▶ **WORK INSTRUCTION**: In the entries below, copy only the lines from the one that contains "this 1600×1200 image." through the last line, exactly, and omit any pictures.

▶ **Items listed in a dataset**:
⁂

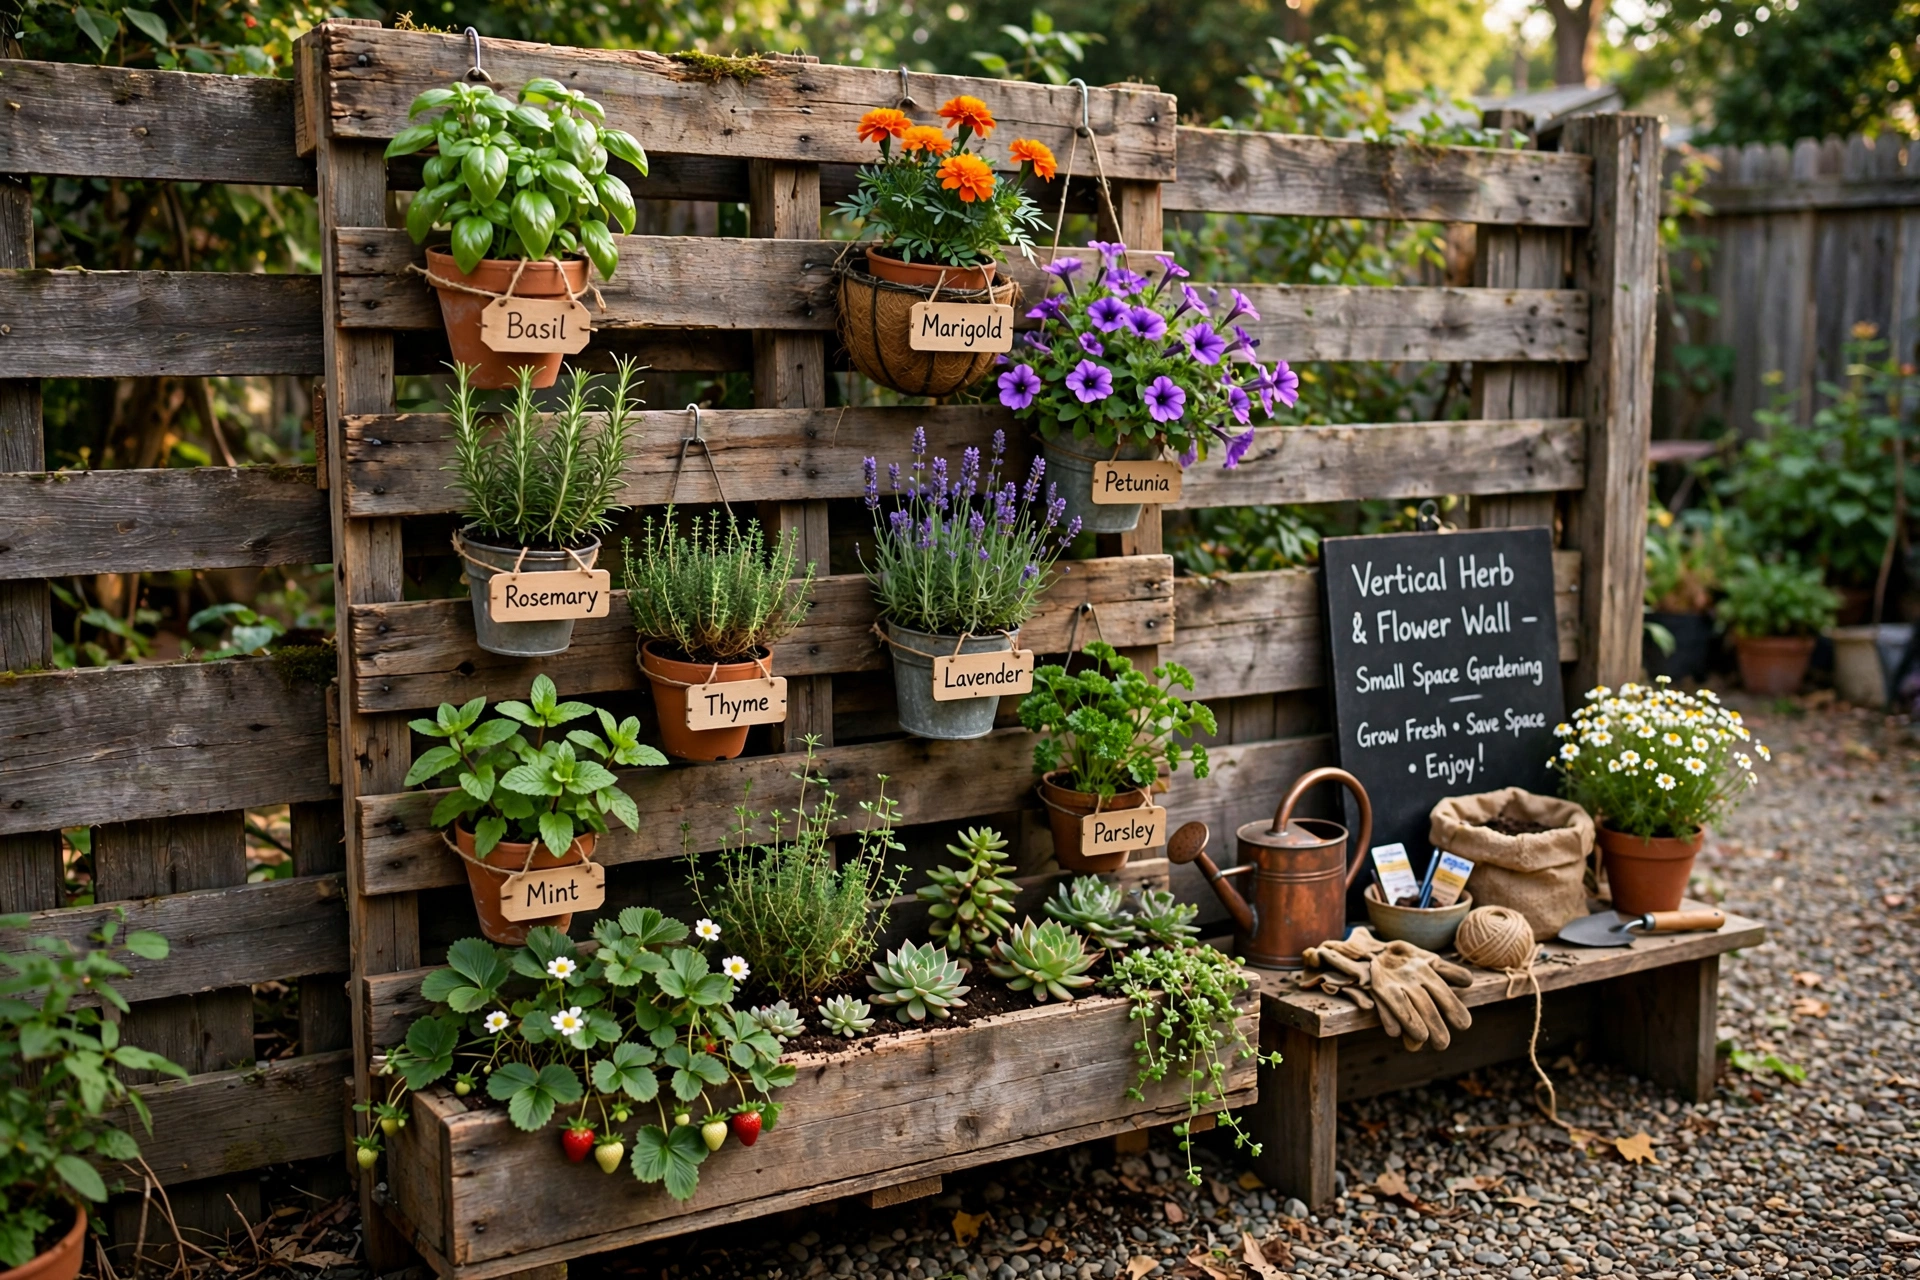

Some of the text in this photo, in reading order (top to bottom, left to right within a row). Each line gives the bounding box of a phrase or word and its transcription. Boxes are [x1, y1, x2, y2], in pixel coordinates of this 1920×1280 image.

[507, 311, 566, 340] Basil
[921, 313, 1002, 347] Marigold
[1105, 470, 1170, 492] Petunia
[1351, 552, 1514, 597] Vertical Herb
[505, 584, 598, 613] Rosemary
[1352, 612, 1368, 644] &
[1376, 609, 1451, 644] Flower
[1461, 600, 1511, 635] Wall
[944, 662, 1024, 688] Lavender
[1355, 655, 1543, 695] Small Space Gardening
[704, 692, 770, 723] Thyme
[1357, 708, 1546, 748] Grow Fresh Save Space
[1425, 742, 1485, 785] Enjoy!
[1094, 818, 1155, 846] Parsley
[526, 879, 579, 907] Mint
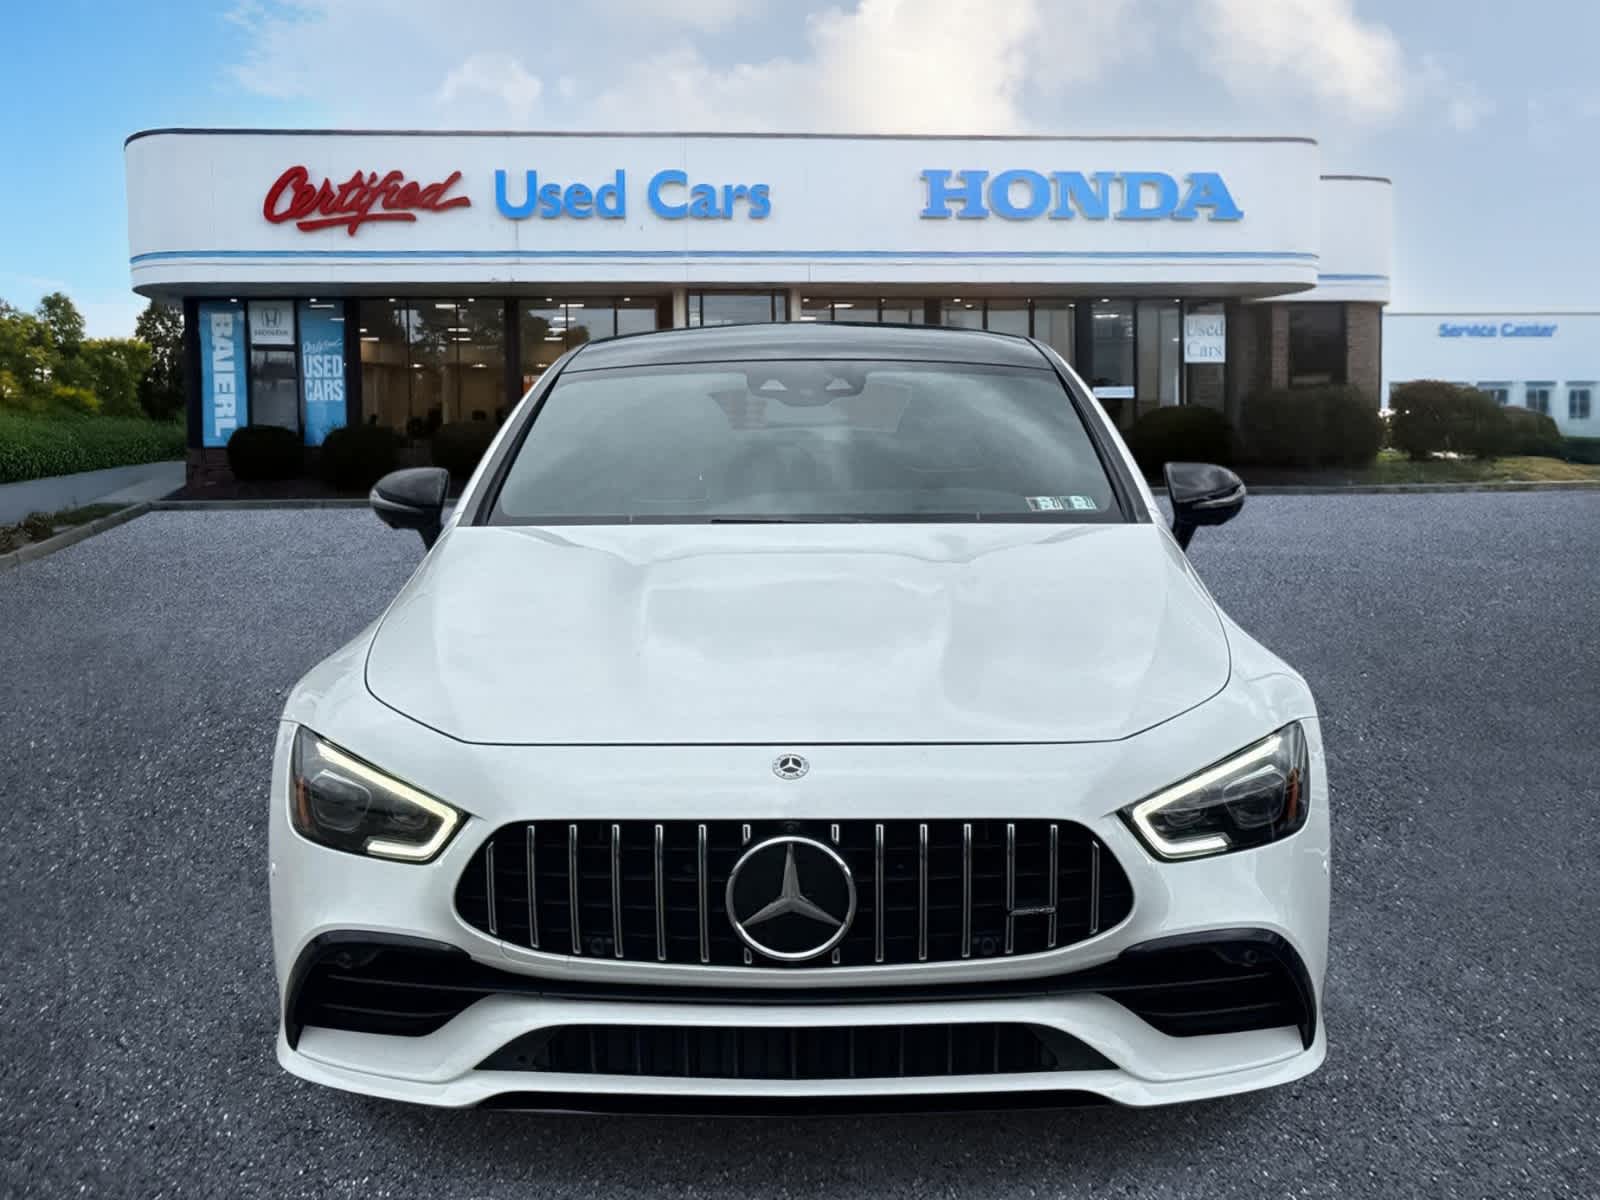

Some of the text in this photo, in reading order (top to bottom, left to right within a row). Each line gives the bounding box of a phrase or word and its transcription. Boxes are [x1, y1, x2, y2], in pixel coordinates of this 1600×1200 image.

[263, 165, 771, 237] Certified Used Cars
[920, 169, 1245, 221] HONDA
[1186, 318, 1224, 337] Used
[1438, 322, 1558, 338] Service Center
[1186, 340, 1224, 359] Cars
[211, 313, 237, 437] BAIERL
[303, 355, 343, 378] USED
[304, 379, 345, 402] CARS
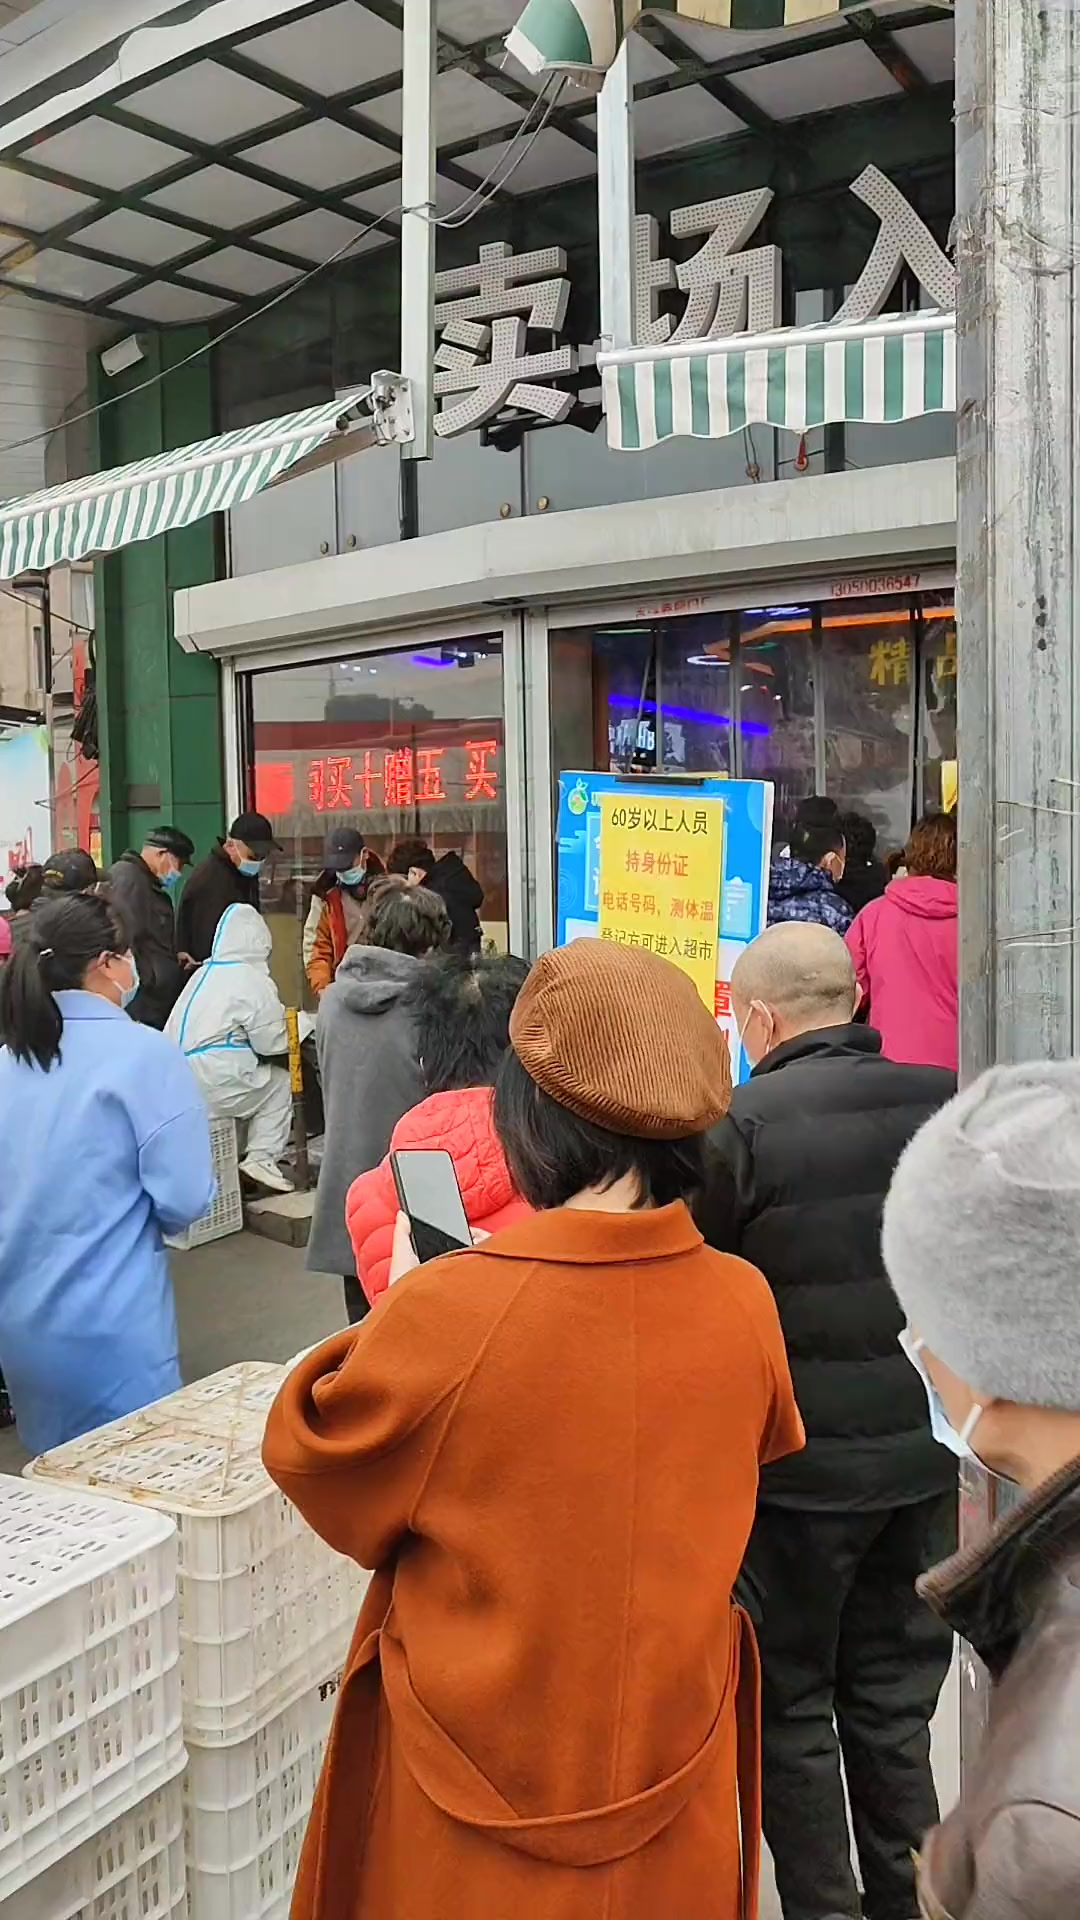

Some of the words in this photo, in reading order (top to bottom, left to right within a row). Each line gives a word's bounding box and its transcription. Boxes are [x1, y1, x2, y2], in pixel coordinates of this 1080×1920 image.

⁂

▶ **RESPONSE**:
Some of the text in this photo, in reading order (top to bottom, left to right within a row). Each line gives the bounding box of a phrase or word and its transcription. Boxes are [x1, y1, x2, y2], in pixel coordinates of this 1600×1200 image.

[263, 165, 771, 237] Certified Used Cars
[920, 169, 1245, 221] HONDA
[1186, 318, 1224, 337] Used
[1438, 322, 1558, 338] Service Center
[1186, 340, 1224, 359] Cars
[211, 313, 237, 437] BAIERL
[303, 355, 343, 378] USED
[304, 379, 345, 402] CARS

Some of the words in this photo, in reading order (top to bottom, left to right within a row). Each line gives a word's bounding box and its transcription. Boxes are [x1, y1, x2, y2], in pixel coordinates of this 1080×1920 image.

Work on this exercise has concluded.